アイカとレイサの飯箱は、竹で編まれた素朴なもの。中には麦米の握り飯が二つずつ、きれいに詰められている。
一方、ハナネの飯箱は滑らかな木製。飲み壺は重厚な鉄製で、中には温かい湯が入っている。
そしてその飯箱の中には、半分に詰められた麦米。その隣に焼いた魚と野菜、彩りのいい卵巻きまで添えられていた。

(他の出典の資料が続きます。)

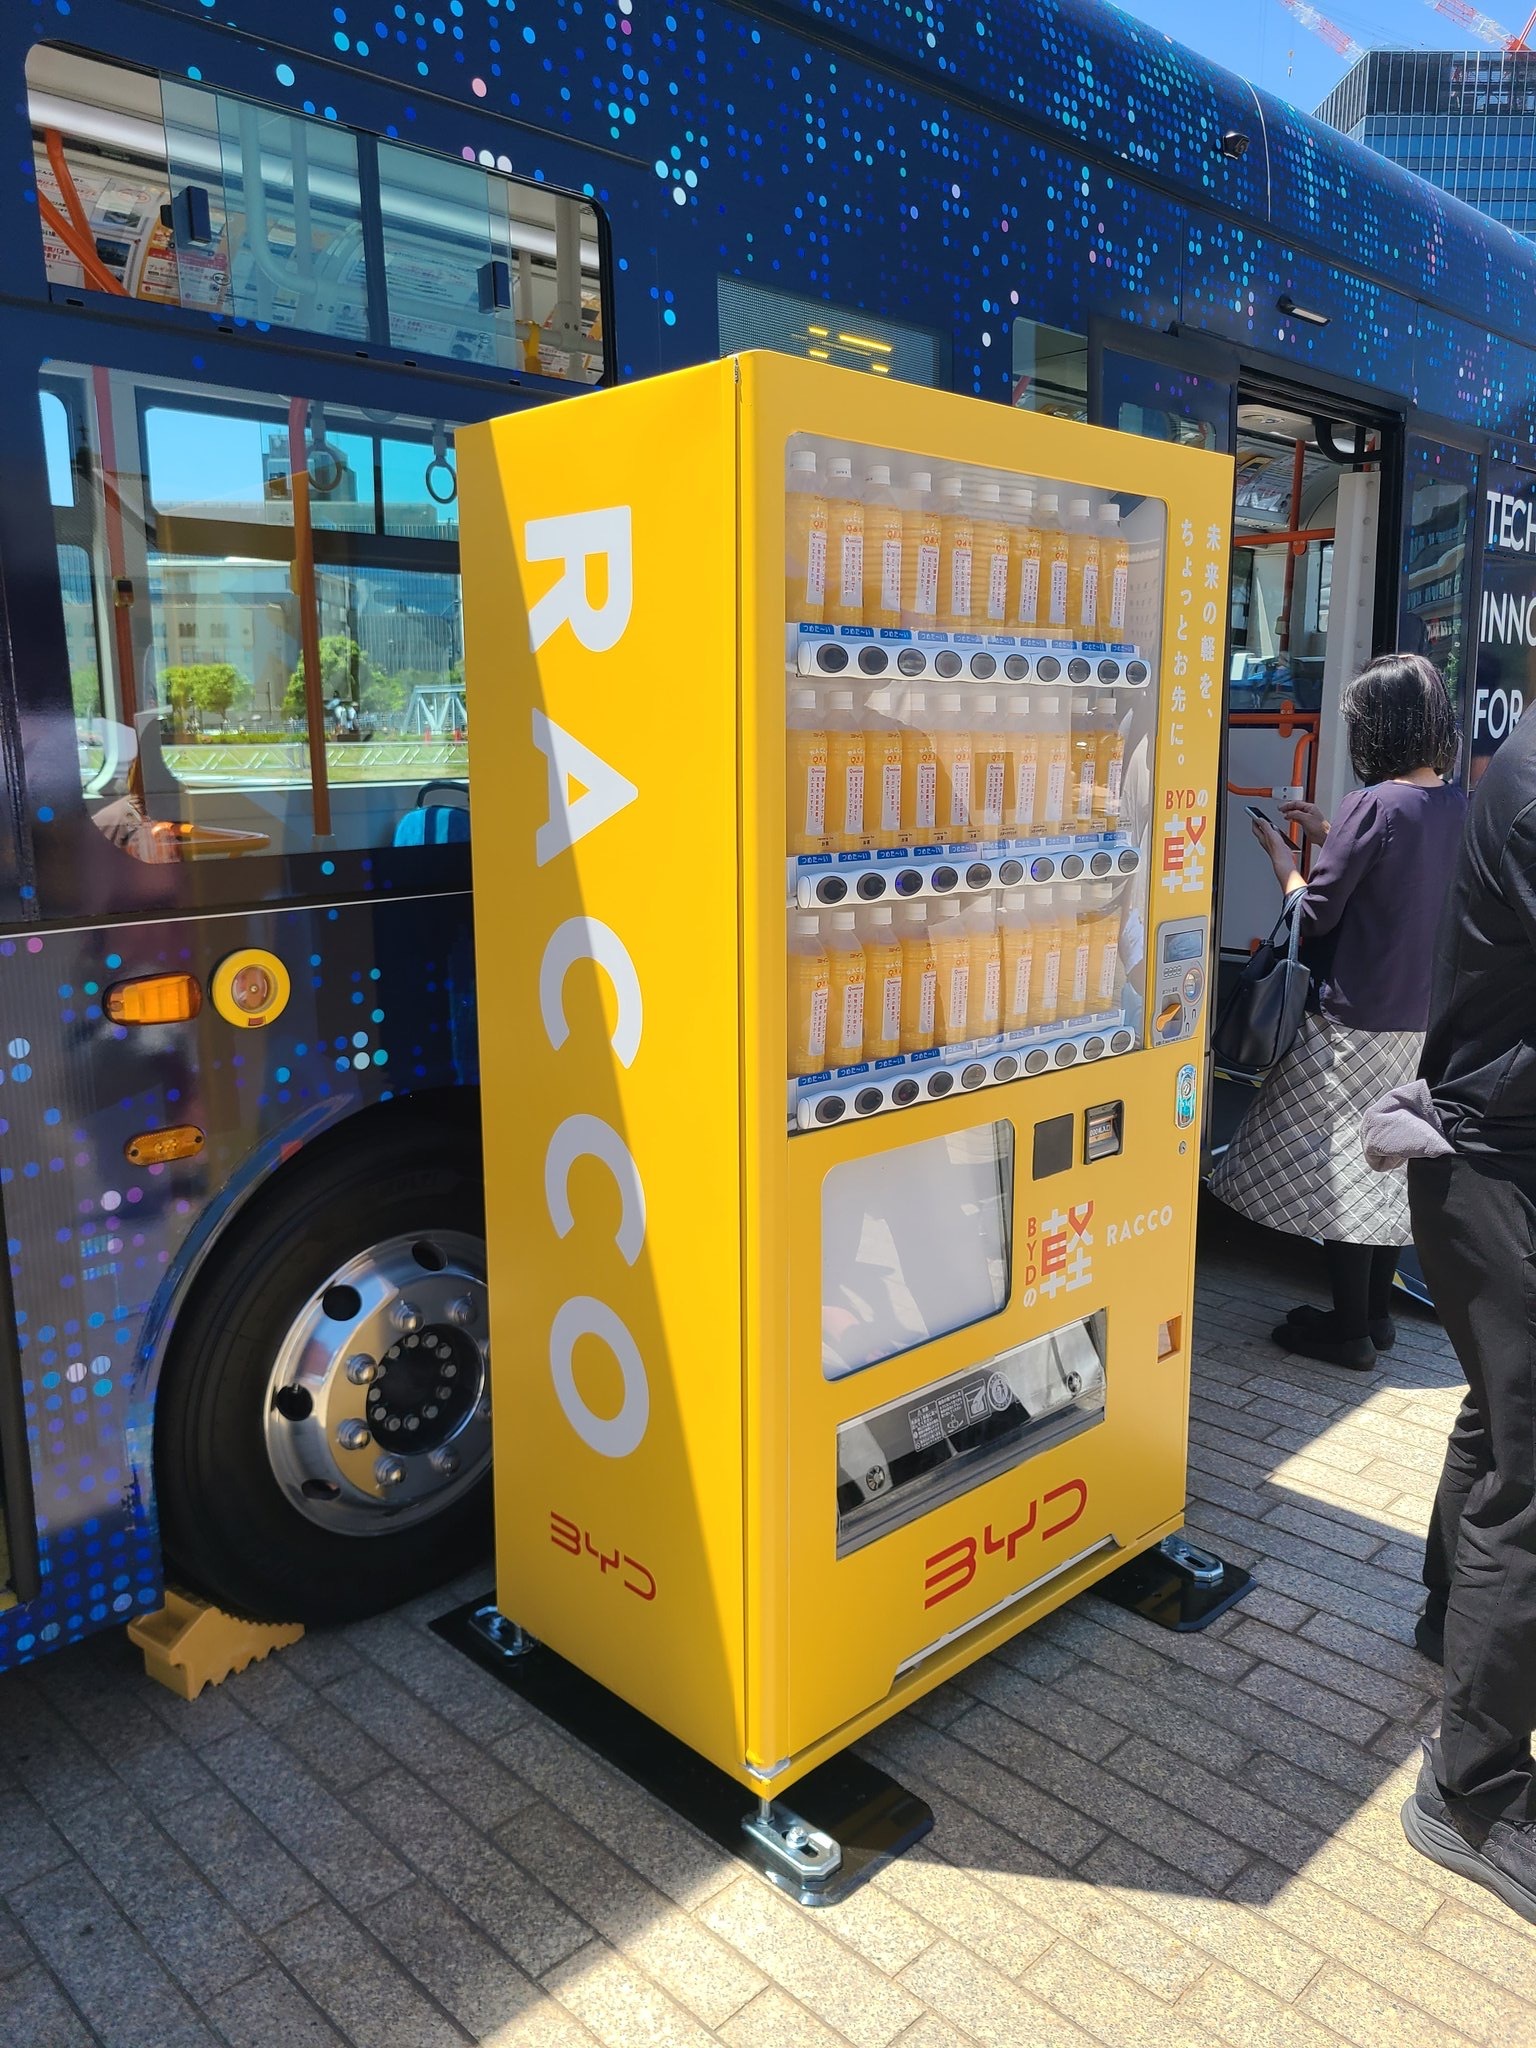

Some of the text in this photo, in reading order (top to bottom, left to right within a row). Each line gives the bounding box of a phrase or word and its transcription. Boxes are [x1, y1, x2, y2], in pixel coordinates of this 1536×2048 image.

その手際のよさを感じさせる内容に、思わずアイカが目を丸くする。
「それ、ハナネが作ったの!?」
身を乗り出して尋ねるアイカに、ハナネはぴしゃりと視線を返した。
「だったら何?」
冷たく、氷の刃のような声。
だが、アイカはまったく動じず、満面の笑みで言った。
「え、すごい!めっちゃ美味しそう!ハナネってご飯作るの上手なんだね!」
「……え?」
その言葉に、ハナネの目が一瞬だけ揺れる。
嘘でも皮肉でもない、あまりに真っ直ぐな褒め言葉に、彼女の中で何かがかすかに崩れそうになった。
だが、それを自分で押し留めるように、すぐに視線を逸らす。
「……褒められることじゃない」
「いやいや、ほんとすごいよ!この卵巻きどうやって作ったの!」
アイカは楽しそうにぐいぐい話しかけるが、ハナネはそれに返事をせず、黙って箸を取り飯箱へと向き直った。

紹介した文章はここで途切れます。